De camera brengt nu de Hand van de Bruut in beeld (en de muziek wordt gespannener en indringender) en glijdt naar de onderkant van het scherm, waarop het scheuren van zijde weerklinkt. Haar gezicht, nog steeds in beeld, wordt door de camera of De Bruut meegevoerd en achterover gedrukt op het satijnen kussen, waarna de donkere schaduw van Zijn Hoofd haar gezicht begint te bedekken.

‘Raak me niet aan! Raak me niet aan!’

Herb Raile, achter het stuurwiel, wordt zich tenslotte bewust van een soort geworstel naast hem. Karen is op de achterbank in slaap gevallen, maar Davy, die op dit uur meestal nergens meer van weet, wordt door Jeanette in een halve nelson gehouden (waarbij haar andere hand zijn ogen probeert te bedekken) en probeert zich wanhopig los te worstelen.

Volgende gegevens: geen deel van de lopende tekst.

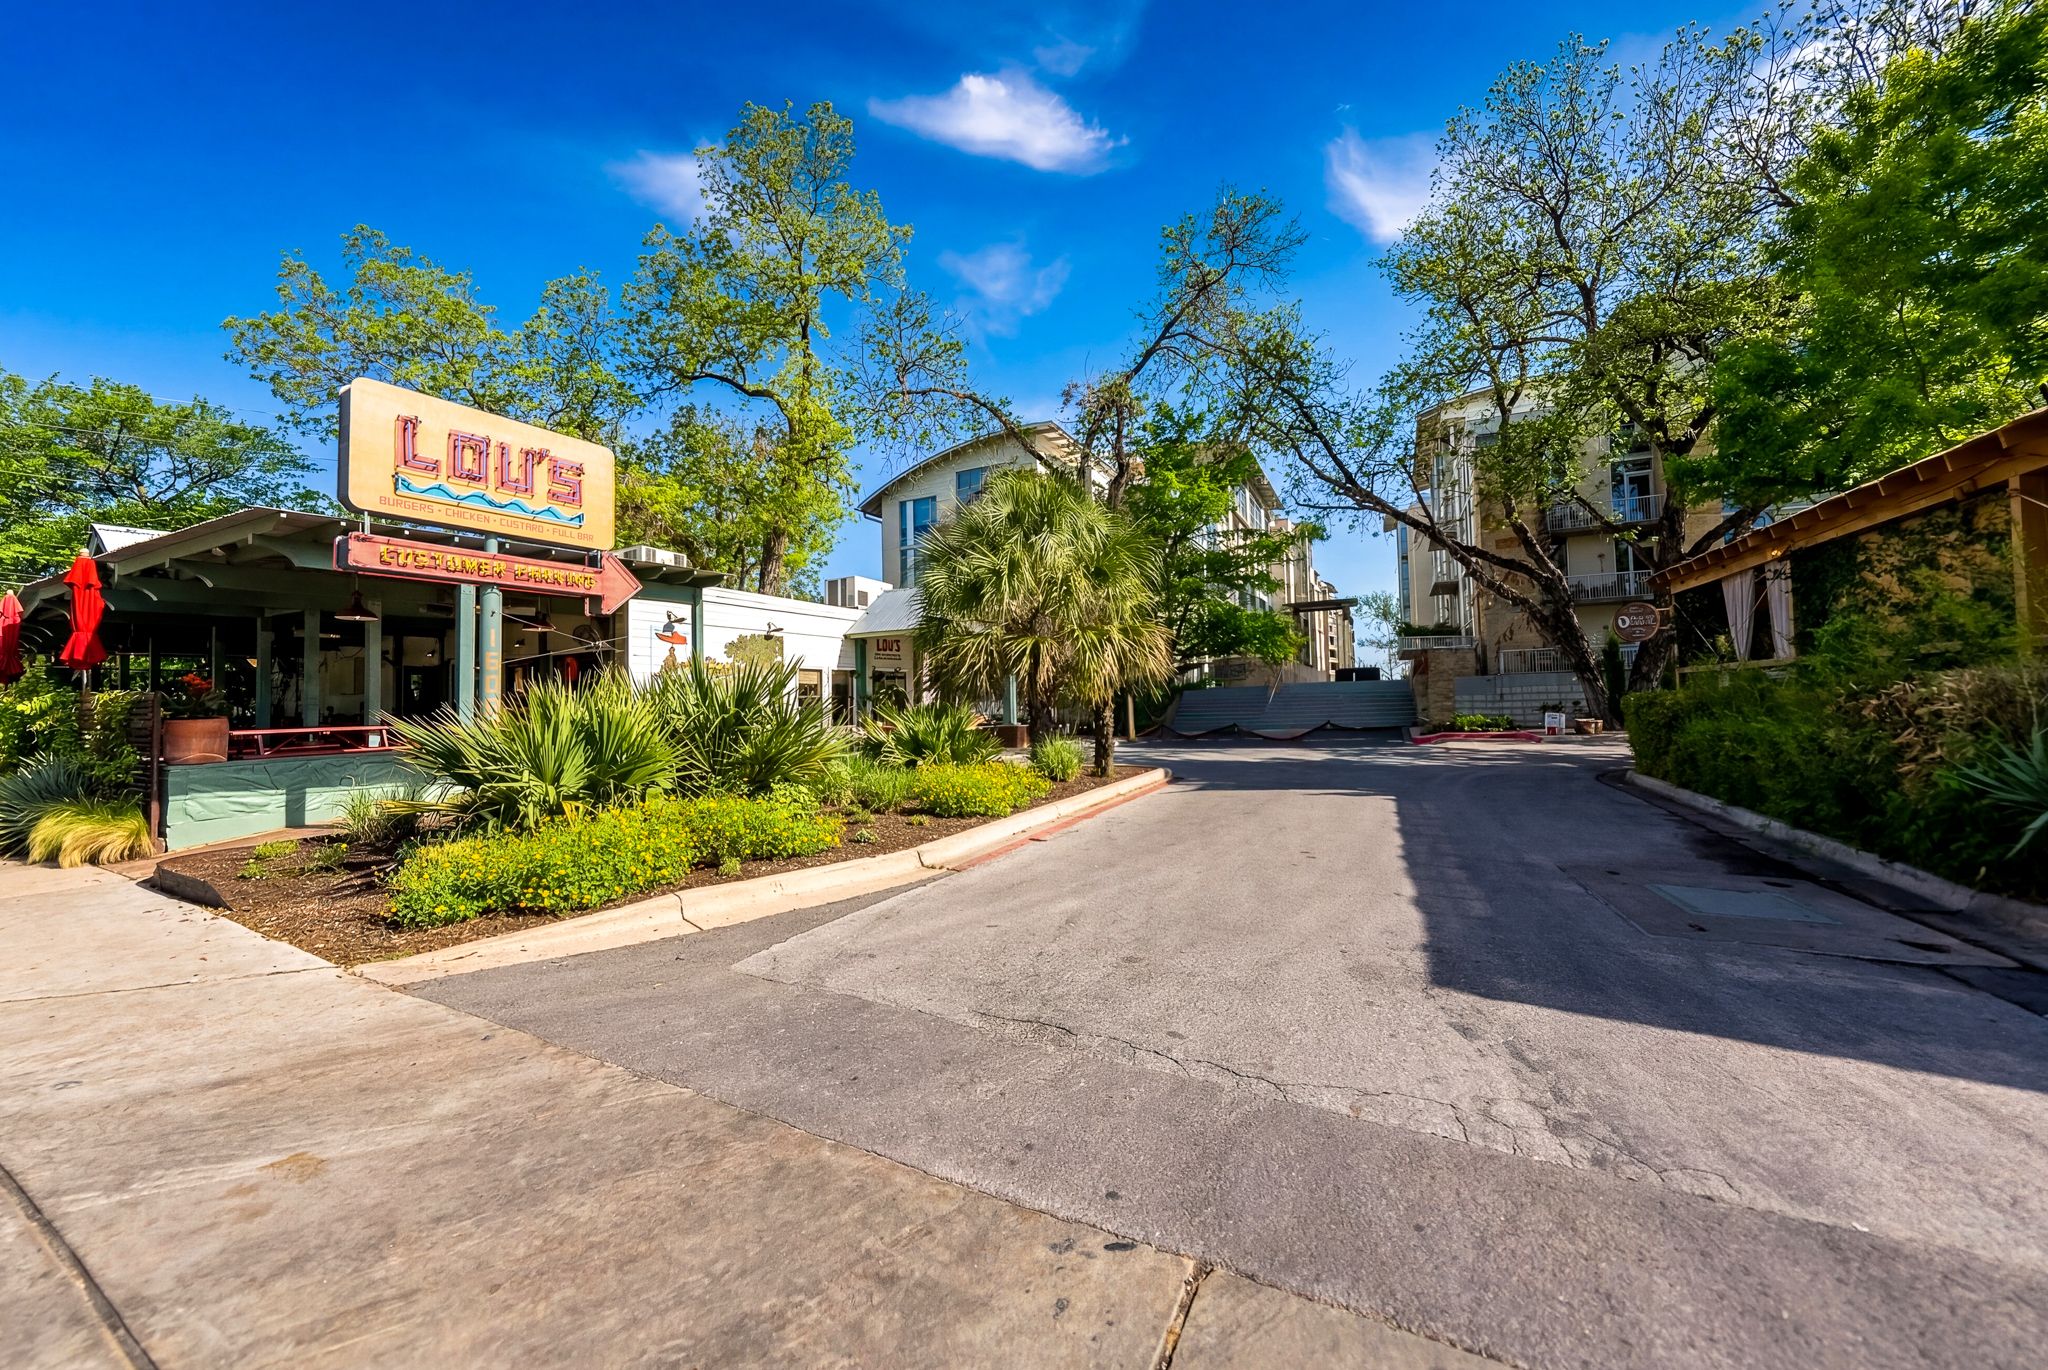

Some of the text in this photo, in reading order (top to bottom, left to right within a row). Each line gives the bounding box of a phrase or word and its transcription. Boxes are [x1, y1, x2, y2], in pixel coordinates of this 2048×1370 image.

[394, 414, 585, 507] LOU'S
[379, 496, 594, 543] BURGERS CHICKEN CUSTARD FULL BAR
[379, 545, 597, 590] CUSTOMER PARKING
[876, 638, 901, 652] LOU'S
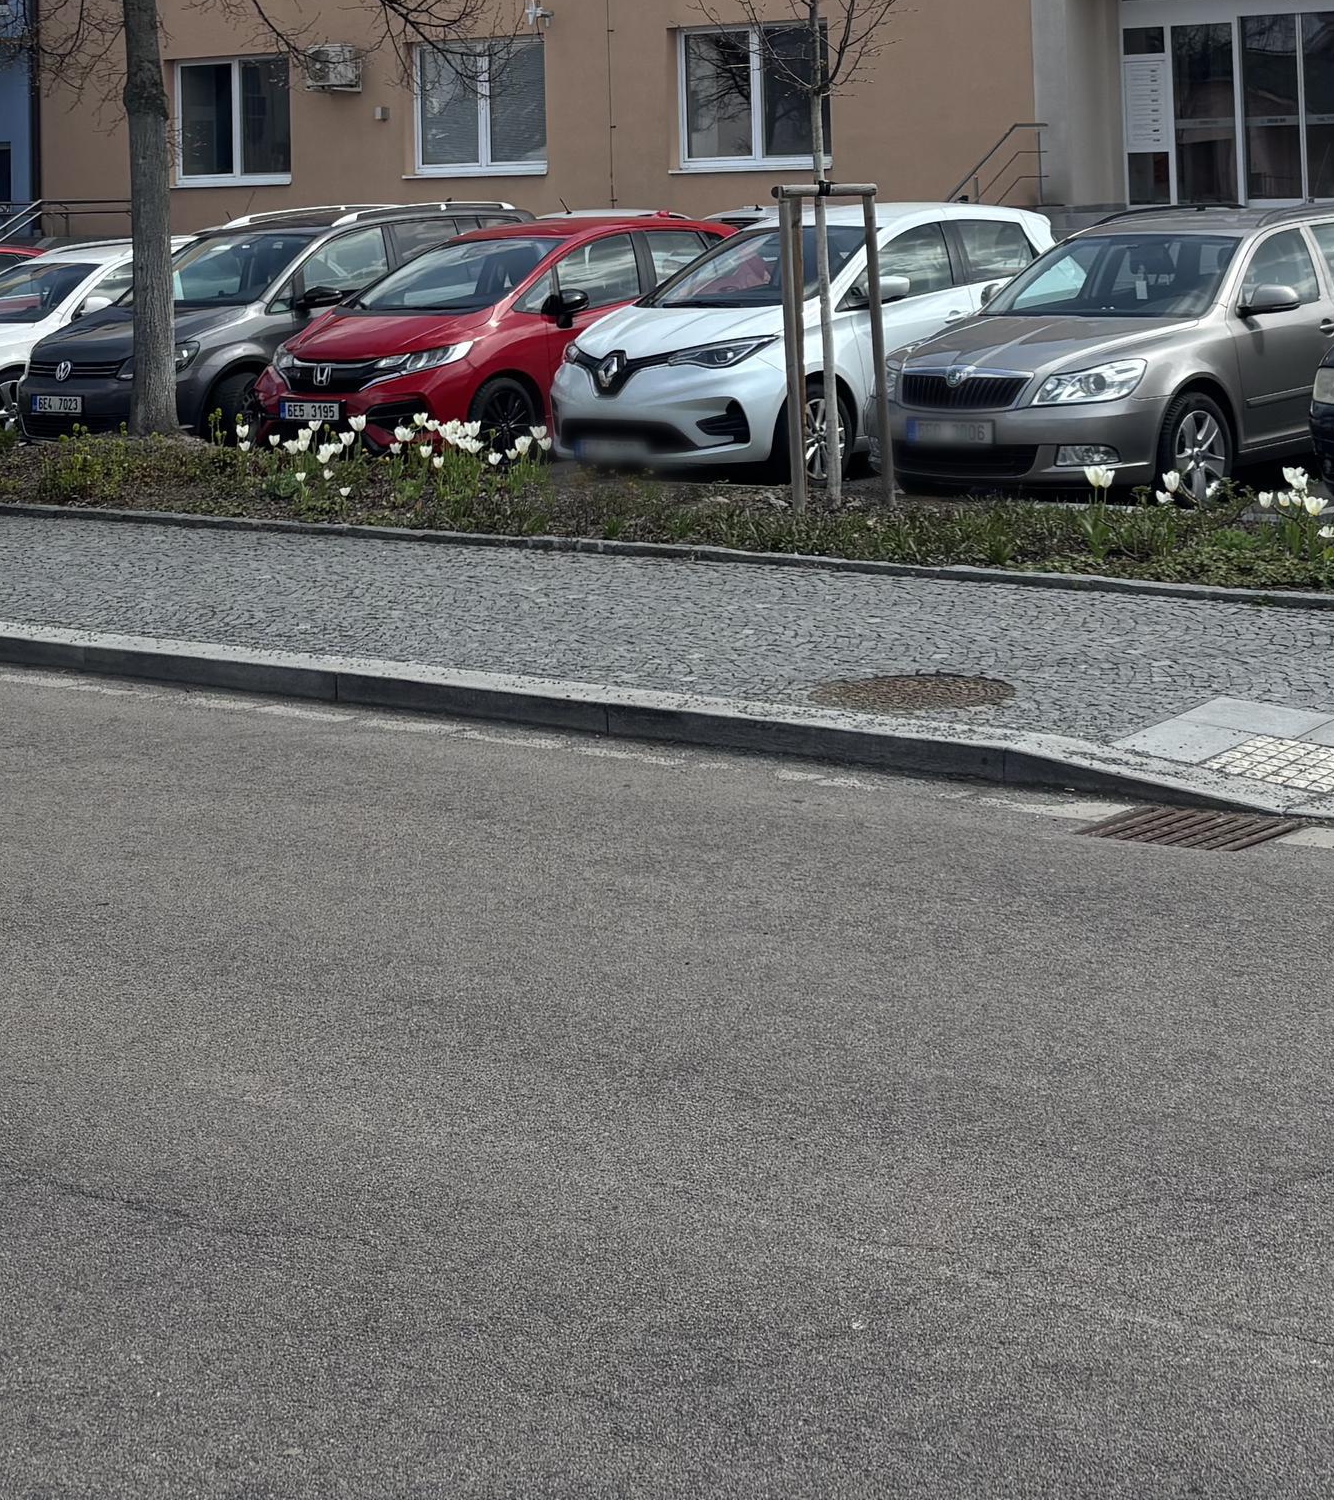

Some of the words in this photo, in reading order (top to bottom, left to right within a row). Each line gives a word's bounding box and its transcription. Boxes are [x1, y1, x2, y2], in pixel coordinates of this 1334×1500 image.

[39, 397, 52, 410] 6E4
[58, 398, 78, 411] 7023
[287, 404, 305, 418] 6E5
[311, 405, 335, 419] 3195
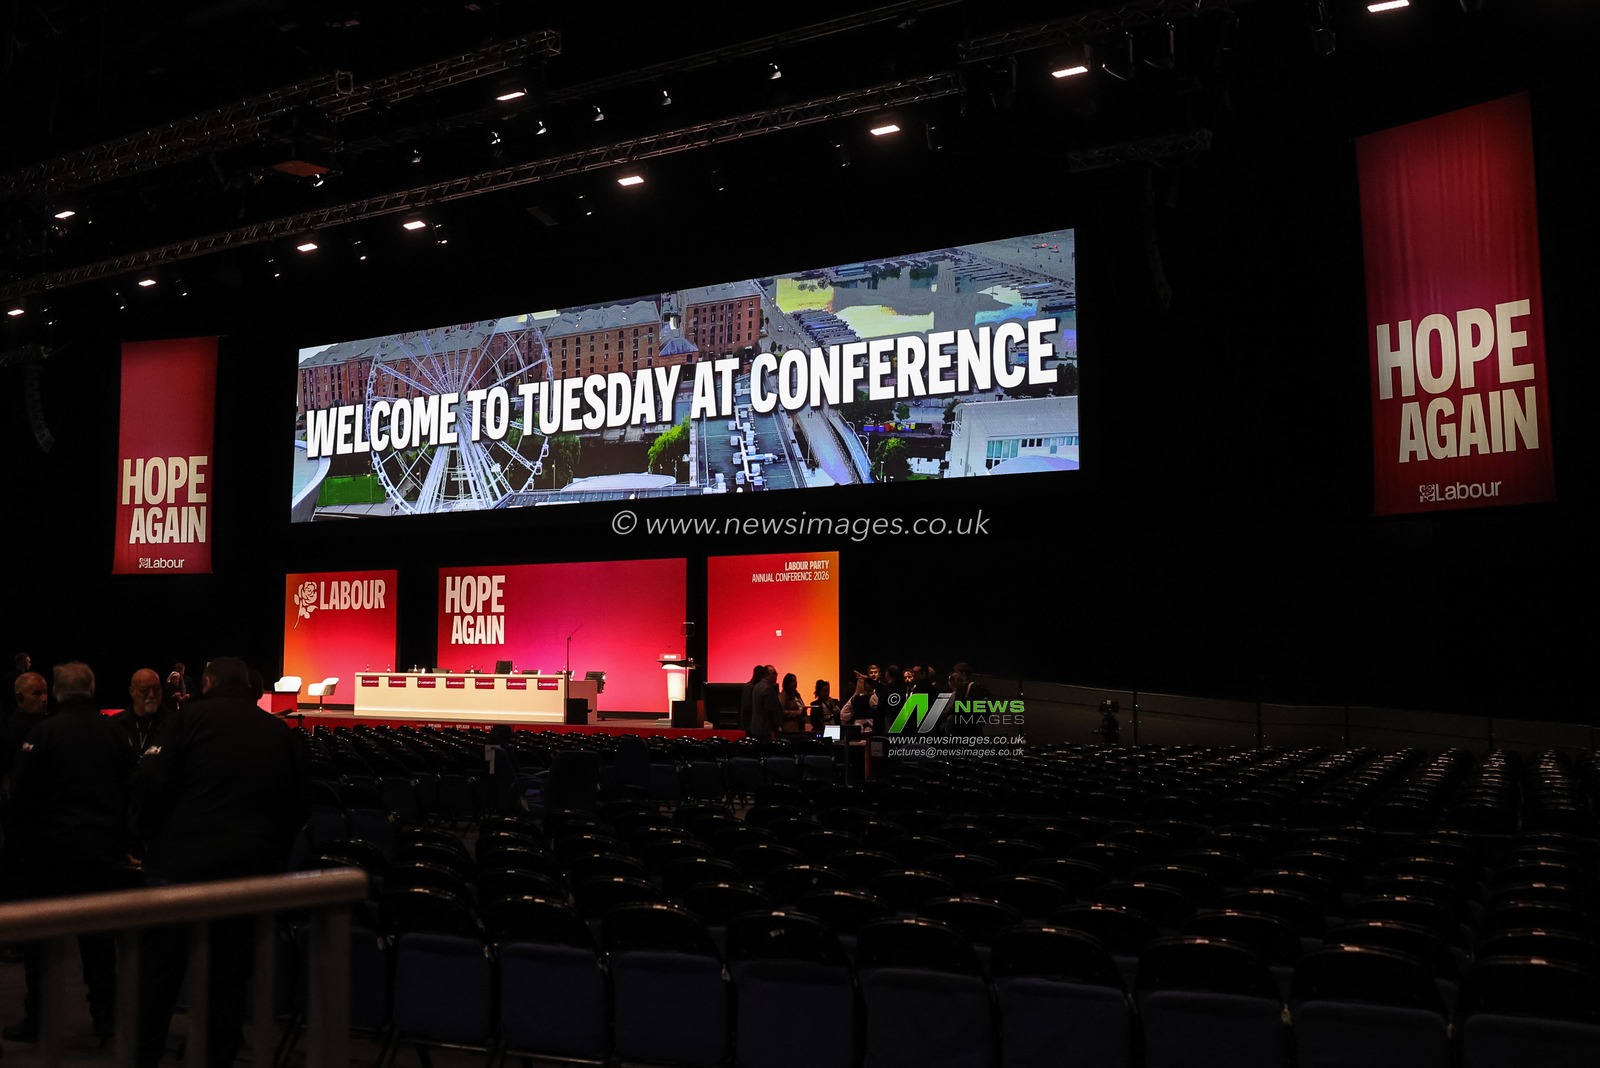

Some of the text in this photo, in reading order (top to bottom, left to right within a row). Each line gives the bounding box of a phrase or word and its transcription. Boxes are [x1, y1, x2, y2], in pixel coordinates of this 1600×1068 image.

[1376, 298, 1535, 400] HOPE
[306, 317, 1059, 459] WELCOME TO TUESDAY AT CONFERENCE
[1399, 385, 1540, 463] AGAIN
[121, 455, 208, 505] HOPE
[1435, 481, 1502, 501] Labour
[129, 505, 207, 545] AGAIN
[148, 557, 185, 569] Labour
[751, 571, 829, 582] ANNUAL CONFERENCE 2026
[784, 560, 829, 570] LABOUR PARTY
[319, 579, 386, 610] LABOUR
[445, 574, 506, 614] HOPE
[451, 615, 505, 645] AGAIN

‘Wat is er aan de hand?’ vraagt Herb, die zijn ogen niet van het doek kan afhouden.

‘Dat is toch geen kinderfilm!’ sist ze, buiten adem.

‘Raak me niet aan!’ gilt de Zij op het filmdoek. Haar gezicht begint te trekken en ze doet haar ogen dicht. ‘Aaa...’ kreunt ze. ‘Ja... ja...’

Davy rukt Jeanettes hand weg: ‘Ik wil het zien!’

‘Doe wat je gezegd wordt!’ snauwt Herb, terwijl hij het beeld geen seconde uit het oog verliest. Davy bijt zijn moeder in haar arm. Ze geeft een gilletje: ‘Au!... Aaaa...’

In minder dan geen tijd wordt er op het doek nu uitgelegd dat Zij en De Bruut door een misverstand allang met elkaar getrouwd waren en als Zij, uitgeput door hartstocht, De Bruut keurig uitlegt dat de bron van hun uitspattingen de wettigheid van hun liefde is, komt er een stralend wit licht op het scherm en klinkt triomfantelijk trompetgeschal.

‘Je had hem niet moeten laten kijken,’ zegt Herb beschuldigend.

‘Ik wou hem ook niet laten kijken. Hij beet me.’

Het schijnt nu tot Davy door te dringen dat hij iets verkeerds gedaan heeft, maar wat precies weet hij niet en dat hoeft hij ook niet te weten. Hij barst in tranen uit en wordt dan gauw getroost met een ijslolly. Maar ook deze troost duurt niet lang, want, of het zo moet zijn, het ijs begint te lekken en er vallen een paar druppels op de vouw van zijn broek. Herb denkt het probleem op te lossen door het ijs in zijn geheel in zijn mond te stoppen, waardoor zijn neus pijn gaat doen. Davy voelt zich bestolen. Het wordt geen crisis, want enkele ogenblikken later doven de lichten en op het scherm verschijnt het begin van de volgende film.

‘Toch nog iets voor Davy,’ zegt Herb na een paar minuten.

‘Waarom draaien ze de Wild West film niet eerst en besparen ze onze kinderen die je-weet-wel films niet?’

‘Kom op mijn schoot zitten, lieverd,’ zegt Jeanette. ‘Kun je het goed zien?’

Davy kan het gevecht op de rand van de afgrond heel goed zien. Hij kijkt naar het vallende lichaam, ziet de oude man gebroken aan de voet van de rotsen liggen, terwijl het bloed uit zijn mond stroomt. ‘Ik ben... ik ben Chuck Fritch... Help me!’ Zijn vijand, een gewone cowboy, zegt lachend: ‘Zo. Dus jij bent Chuck Fritch. Meer hoef ik niet te weten.’ Daarna de daverende schoten, de schok van het oude-mannen-lichaam als het door de kogels wordt opengereten, zijn doodsgerochel, het duivelse lachje van de cowboy als hij zijn slachtoffer nog een trap in het gezicht geeft... De camera brengt nu de omgeving in beeld... de vallei en de helling van de heuvel waar het lijk langzaam en vlugger en vlugger afrolt.